WHAT THE TASK ASKS: Output the records below verbatim, minus the pictures.

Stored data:
========

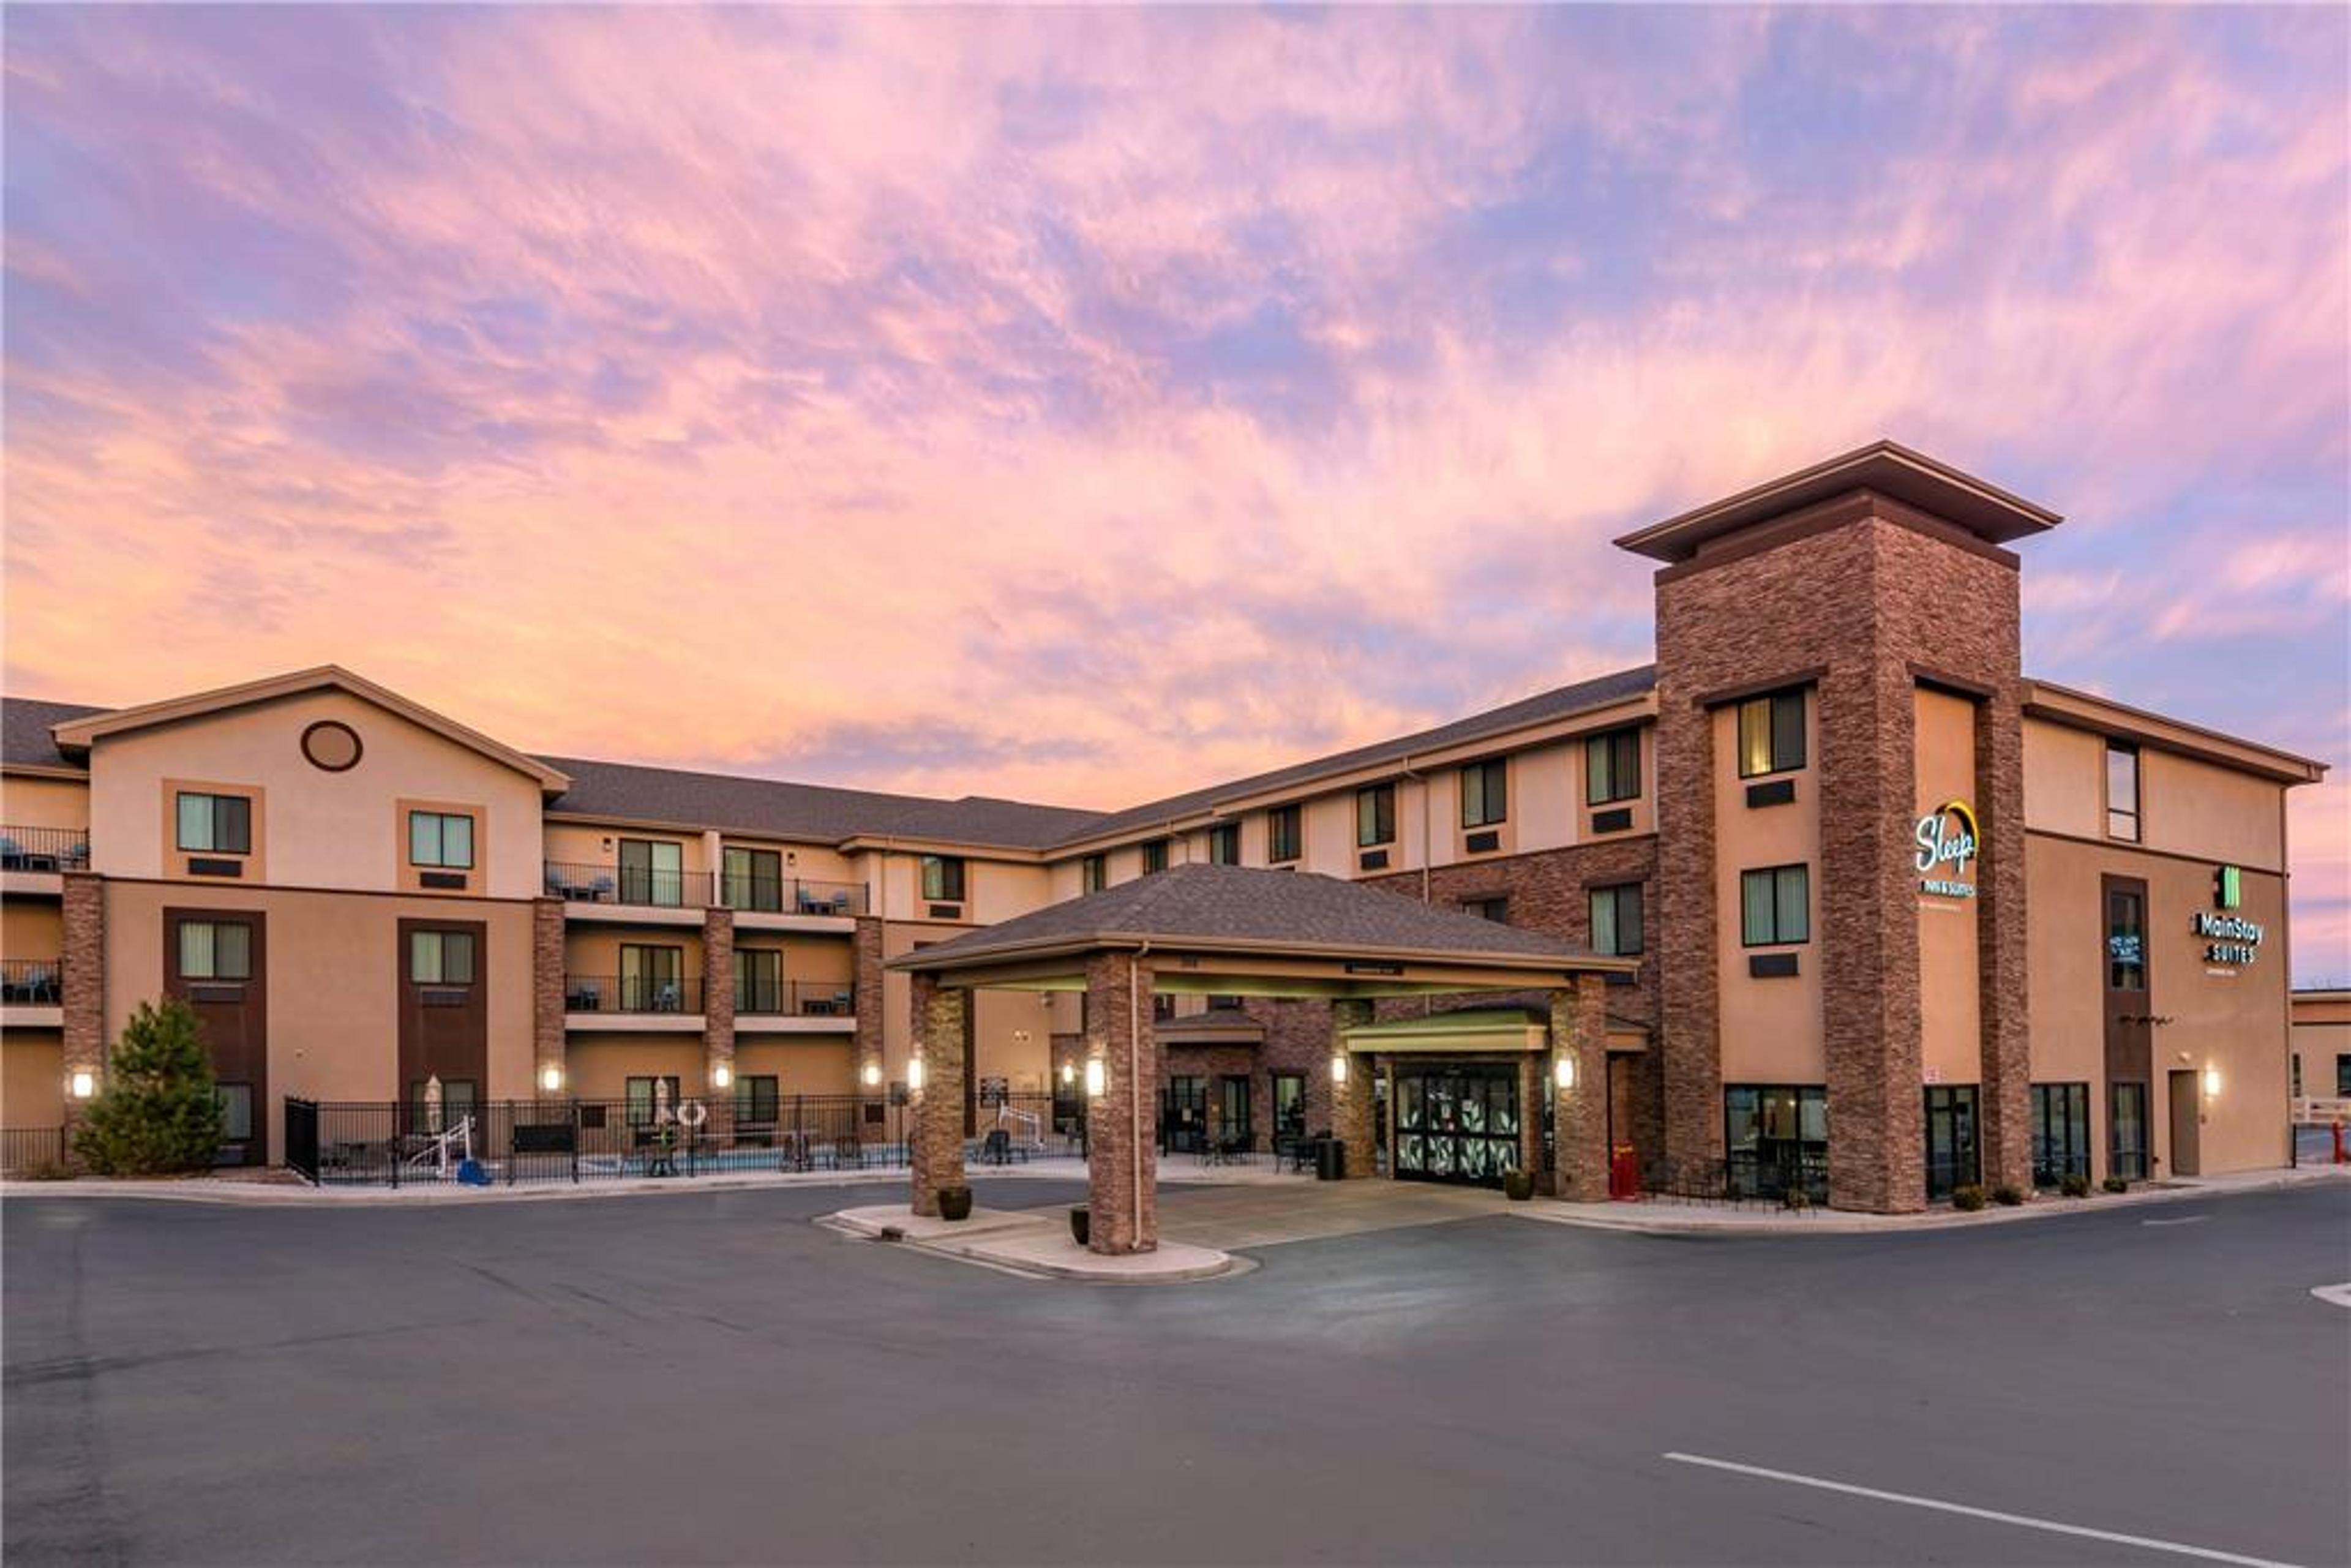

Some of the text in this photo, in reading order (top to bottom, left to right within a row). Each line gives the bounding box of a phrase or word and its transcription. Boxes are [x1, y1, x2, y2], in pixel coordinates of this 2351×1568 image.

[1917, 816, 1974, 874] Sleep
[2201, 913, 2263, 945] MainStay
[2213, 945, 2255, 963] SUITES
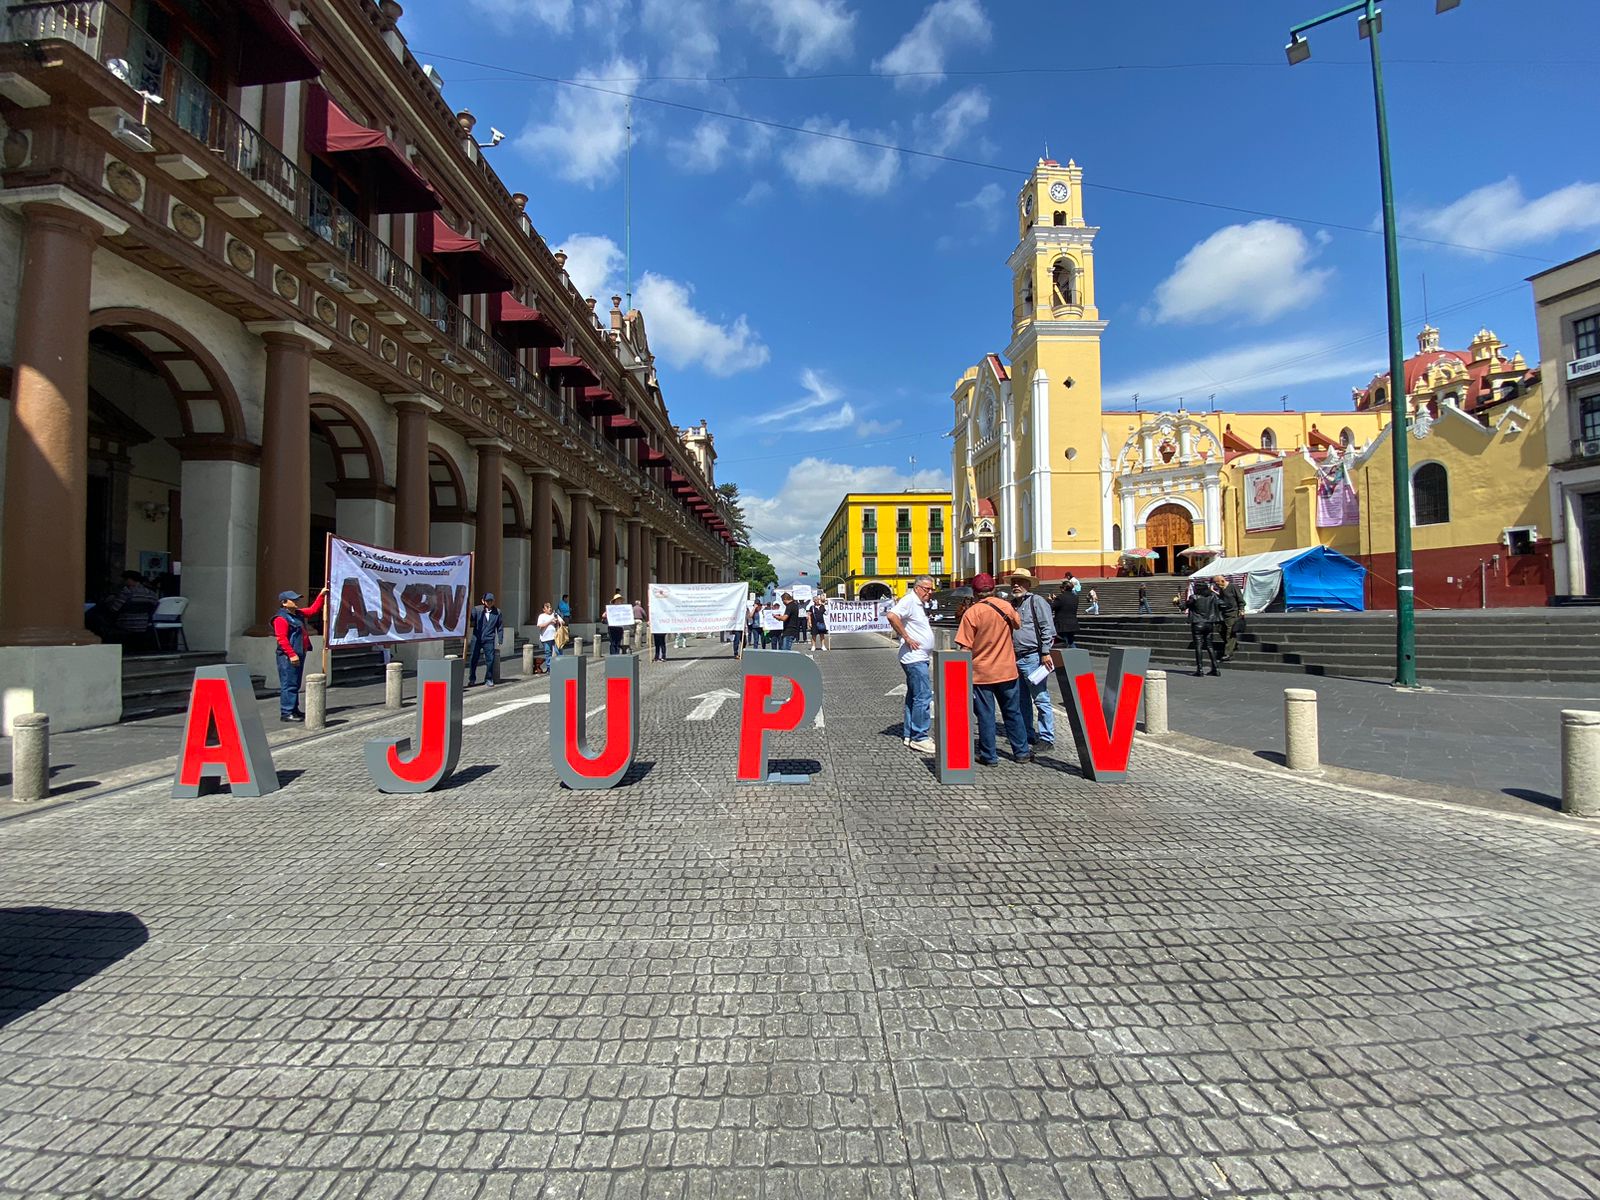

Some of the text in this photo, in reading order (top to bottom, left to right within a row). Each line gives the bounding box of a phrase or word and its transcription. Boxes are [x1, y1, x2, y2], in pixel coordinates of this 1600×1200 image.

[360, 560, 402, 574] Jubilados
[829, 602, 872, 610] YA BASTA DE
[829, 612, 873, 622] MENTIRAS

========

YOUR SOLUTION:
Some of the text in this photo, in reading order (top to bottom, left to right within a row). Each line gives the bounding box of a phrase or word and its transcription. Boxes are [x1, y1, x2, y2], in pixel coordinates of this 2351×1568 image.

[1917, 816, 1974, 874] Sleep
[2201, 913, 2263, 945] MainStay
[2213, 945, 2255, 963] SUITES

Some of the text in this photo, in reading order (top to bottom, left to right within a row). Each line gives the bounding box of a phrase or word and its transcription. Boxes are [x1, y1, x2, y2], in pixel coordinates of this 1600×1200 image.

[360, 560, 402, 574] Jubilados
[829, 602, 872, 610] YA BASTA DE
[829, 612, 873, 622] MENTIRAS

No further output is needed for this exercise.